Thyroxine-Binding by Serum and Urine Proteins in Nephrosis. Qualitative Aspects1

Abstract

Sera from 11 patients with nephrotic syndrome were studied with regard to the nature of the proteins which interact with thyroxin. The proteins were labeled by the addition of radio-thyroxin in vitro or, in one patient, by intravenous injection. As in normal serum, thyroxin appeared to interact chiefly with 2 proteins: albumin and an alpha globulin (TBP).

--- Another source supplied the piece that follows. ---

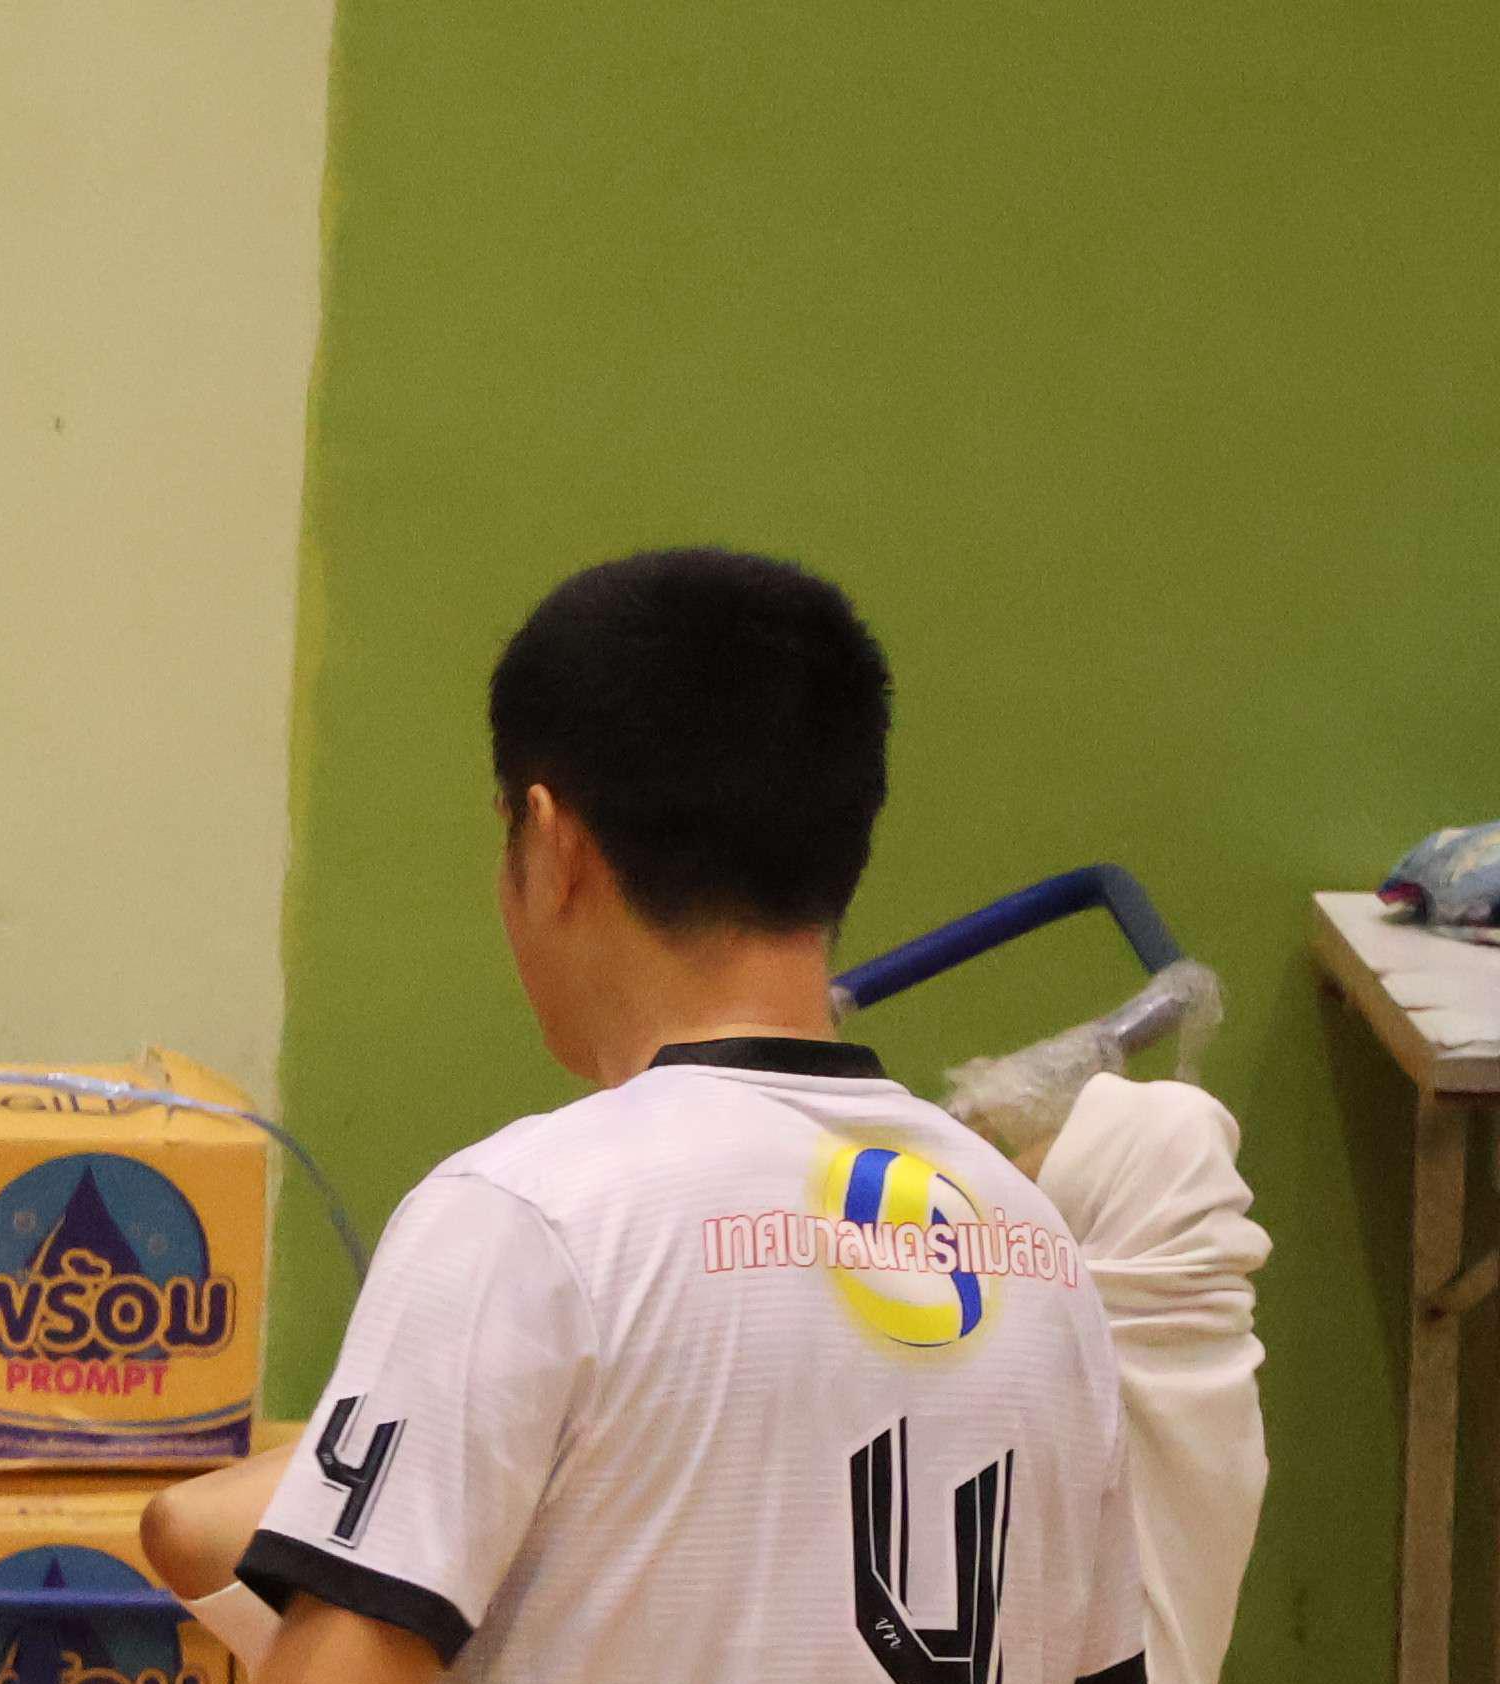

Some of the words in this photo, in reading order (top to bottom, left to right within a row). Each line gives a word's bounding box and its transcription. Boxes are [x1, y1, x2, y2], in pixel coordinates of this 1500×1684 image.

There was suggestive evidence that thyroxin interacted to a lesser degree with a 3d protein component having an electrophoretic mobility at pH 8.6 slightly faster than albumin, and possibly with a 4th component characterized by a rapid sedimentation rate. TBP in the nephrotic sera appeared to be identical with normal TBP with respect to electrophoretic mobility at pH 8.6 and pH 4.5, and sedimentation rate in the ultracentrifuge. At low thyroxin concentrations the thyroxin-TBP complex accounted for most of the serum thyroxin. At high thyroxin concentrations, TBP was saturated with thyroxin and the excess thyroxin became associated with albumin. In the presence of low serum albumin concentration, however, conventional zone electrophoresis in filter paper gave rise to an artifact due to adsorption of albumin-bound thyroxin in the globulin zones. The urine in one nephrotic patient contained thyroxine in chiefly combination with TBP, and excess thyroxin added to this urine became associated with albumin.